September 22, 2021
This is an overview of the current botnet activity, device and web browsing threat landscapes. It is based on real-world data from CUJO AI’s extensive coverage of over 1 billion devices in 40 million networks. Researchers from CUJO AI Labs use anonymized data to detect and track emerging cybersecurity risks, the evolving tactics of malicious actors, as well as the most targeted popular device types.
Most Popular Types of Malicious URLs
A key model in our multi-layer security solution is the CUJO AI Safe Browsing model, which combines machine learning and other state-of-the-art cybersecurity measures to prevent connections to and from disreputable IP addresses, spam, malware and other malicious websites.
The largest and arguably the most dangerous category of URLs CUJO AI Sentry has blocked in recent months are malware, spyware and adware websites. These two categories of malicious software are quite well known to the general public, yet our data shows that end-users still often try to access URLs of malware, spyware and adware distributors.
Phishing threats and fraud are also in the top 3 categories, which is a worrisome sign. CUJO AI’s safe browsing models are trained to detect novel phishing websites, yet their short-lived existence and extreme impact on end-users’ livelihoods is a key problem in today’s cybersecurity.
The Most Popular Exploits
Devices Under the Most Threat
We’ve gathered extensive data about which devices are most often targeted from known disreputable IP addresses (some might call these blacklisted IP addresses). Not surprisingly, NAS storage devices, which hold the most valuable data on the network (including backups), are targeted frequently. Almost a quarter of all attempts to connect to these devices from suspicious IP addresses target NAS devices, while the devices themselves make up a very small part of the overall connected device landscape.
While malicious connections are often directed through proxies to mask their true origins, our data shows that there are several countries from (or through) which most of these connections are attempted. Note that our device base is a bit skewed towards North America, therefore it might not be surprising to see a larger presence of the US as the origin of the connections.
We have also gathered a bit of data about the attacking IP addresses. Here is a top 10 list of the most active ones.

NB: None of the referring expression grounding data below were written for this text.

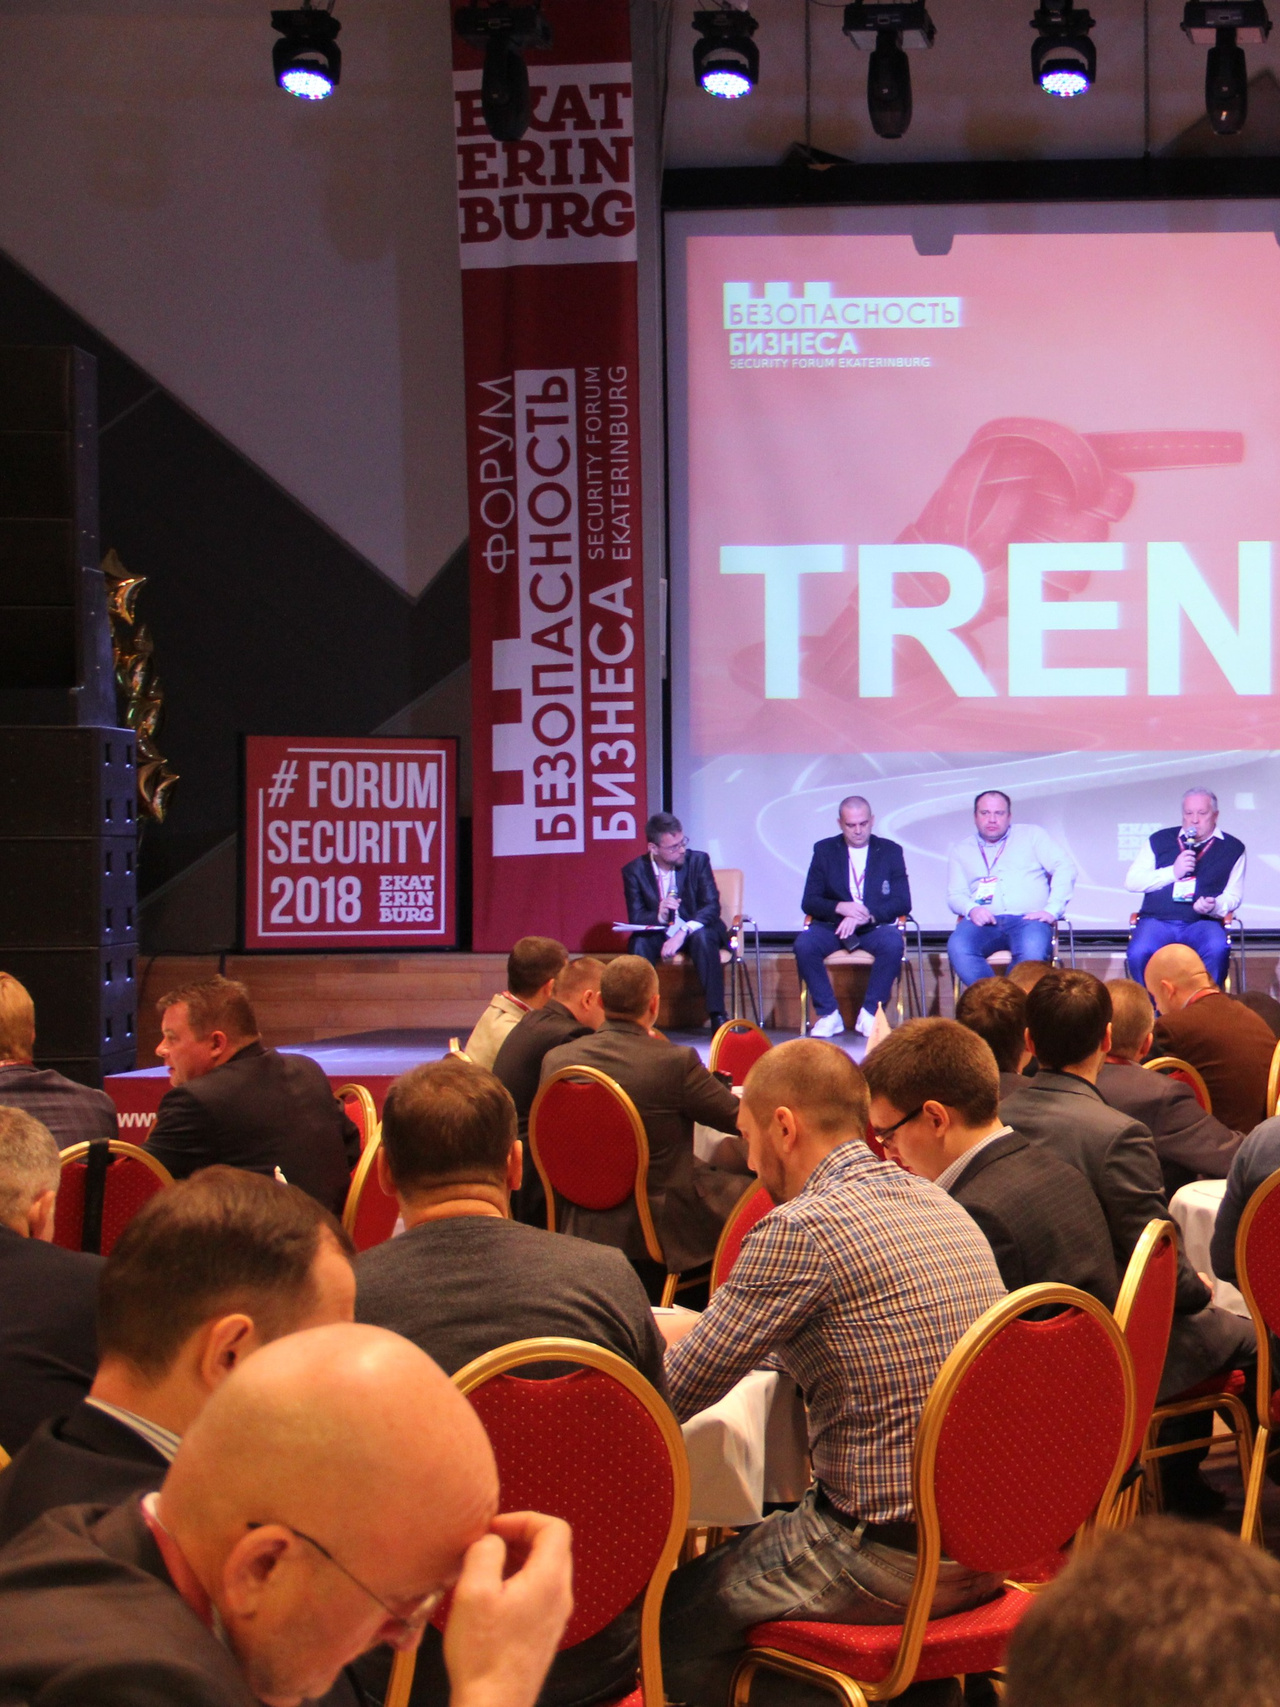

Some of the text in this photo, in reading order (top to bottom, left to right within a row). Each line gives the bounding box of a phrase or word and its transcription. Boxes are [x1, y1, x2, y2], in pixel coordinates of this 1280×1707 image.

[456, 136, 634, 190] ERIN
[459, 189, 636, 244] BURG
[728, 302, 956, 326] БЕЗОПАСНОСТЬ
[728, 332, 859, 356] БИЗНЕСА
[729, 357, 931, 369] SECURITY FORUM EKATERINBURG
[478, 375, 516, 574] ФОРУМ
[584, 366, 605, 560] SECURITY FORUM
[607, 365, 632, 561] EKATERINBURG
[525, 375, 578, 842] БЕЗОПАСНОСТЬ
[588, 577, 637, 840] БИЗНЕСА
[267, 819, 438, 865] SECURITY
[269, 875, 363, 924] 2018
[379, 875, 435, 891] EKAT
[379, 891, 435, 907] ERIN
[379, 907, 435, 923] BURG

In terms of devices targeted, here are the most active attacker IP addresses.
On the other side, there are devices that attempt to connect to blocked IP addresses, which indicates that they might be compromised, infected or that their users were tricked into risky behavior. The top two places in this list should not surprise anyone, as computers and phones are the two most popular device categories, while the high spot of NAS storage devices, again, shows how they are targeted by malicious actors.
Our threat research team is actively monitoring various IoT botnet attacks to discover and analyze new botnet families and be prepared against new types of attack techniques.

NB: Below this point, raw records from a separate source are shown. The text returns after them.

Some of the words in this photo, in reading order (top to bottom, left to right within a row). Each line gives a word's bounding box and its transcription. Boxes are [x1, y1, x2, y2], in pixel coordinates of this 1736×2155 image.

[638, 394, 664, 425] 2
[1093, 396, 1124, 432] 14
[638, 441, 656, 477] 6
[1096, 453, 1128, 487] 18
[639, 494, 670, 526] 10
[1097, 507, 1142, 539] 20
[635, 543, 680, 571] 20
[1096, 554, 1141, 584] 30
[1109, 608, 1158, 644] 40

A typical attack follows the same pattern, as we described in our blog post about the genetics of an IoT attack. In most cases, a distribution server is set up and stores a downloader script and the malicious binaries that will be downloaded by the script at a later stage. Usually, there is a set of binaries prepared for various architectures before the attack. The malicious script downloads them one by one and tries to execute them in the hope that the one with the matching architecture will execute properly on the attacked device.
Malicious binaries of different campaigns are either stored on different IPs or the same IP, but in a different folder or with the filenames changed.

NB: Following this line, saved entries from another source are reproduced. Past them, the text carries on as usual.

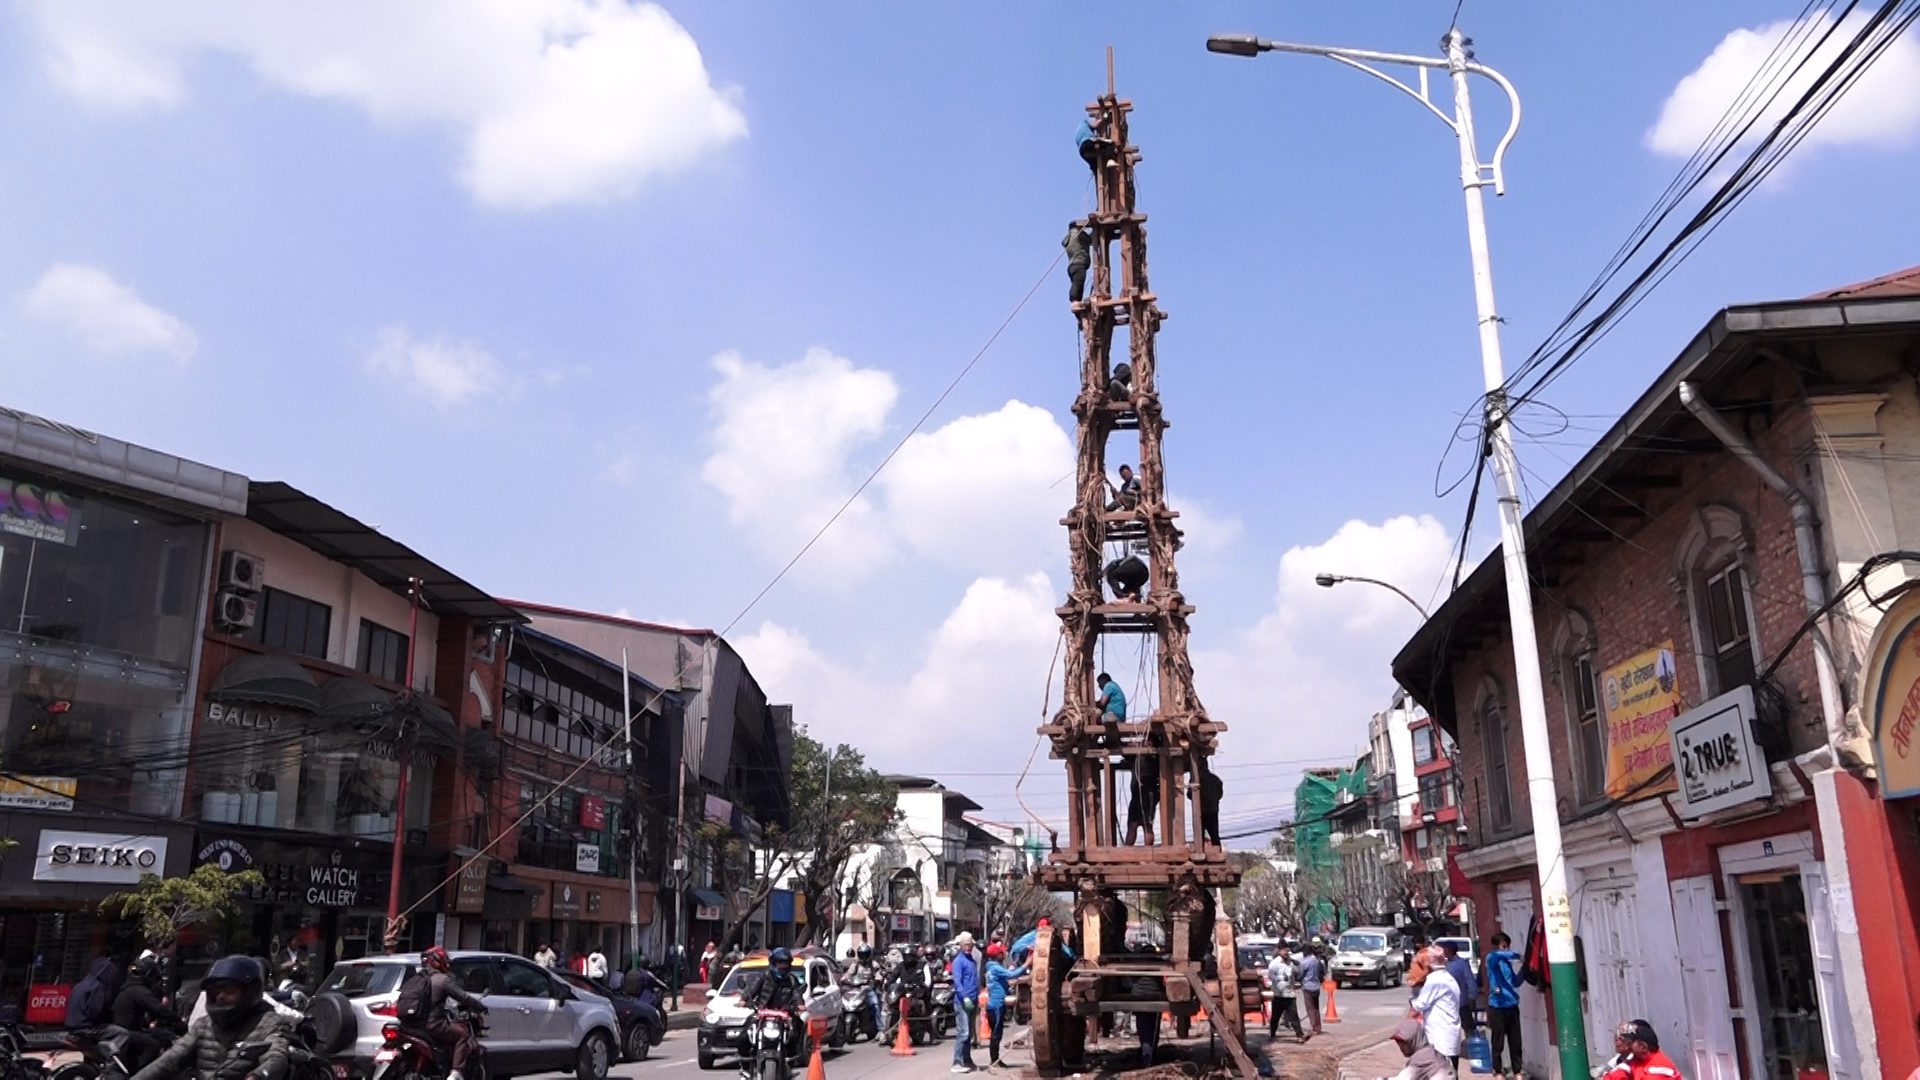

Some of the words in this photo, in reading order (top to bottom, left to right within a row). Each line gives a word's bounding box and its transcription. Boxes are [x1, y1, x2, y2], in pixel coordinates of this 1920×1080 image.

[208, 702, 281, 733] BALLY
[50, 844, 156, 868] SEIKO
[310, 865, 358, 887] WATCH
[306, 887, 358, 907] GALLERY
[31, 996, 66, 1008] OFFER

The IoT botnet landscape is still dominated by Mirai and Gafgyt variants. In most of the botnet attacks the malicious binaries are based on the leaked code of these families, as in the case of our recent discovery.
Crypto miners attacking Linux machines and IoT devices are popular as well. Over the summer we have seen several H2miner and Dota malware campaigns.
Another crypto mining botnet family, Sysrv, was discovered last December and is still active today. It is not only attacking Linux systems, but Windows devices as well. We closely monitored its continuous development over the last few months, and recently released a blog post detailing our findings.
Besides typical DDoS and crypto mining botnets, we have also observed ransomware attacks against NAS devices. The most popular family was the eCh0raix ransomware.
Researchers found a new Mirai variant called the Dark IoT botnet, which exploits a recently disclosed vulnerability, impacting Realtek chipset-fitted devices and vendors who use the Realtek SDK. This new vulnerability was revealed by IoT Inspector and was assigned the CVE number of CVE-2021-35395.
In a developing trend, the Dark IoT botnet has added the following new exploits to its arsenal:
- Seagate BlackArmor NAS RCE – Undisclosed CVE number
- UDP Geutebruck – CVE-2021-33544
- Azure OMIGOD – CVE-2021-38647
This just goes to show how easy it has become to use the Mirai and Gafgyt skeleton-code with newly created exploits that follow the latest trends and are shared between botnet developers and operators.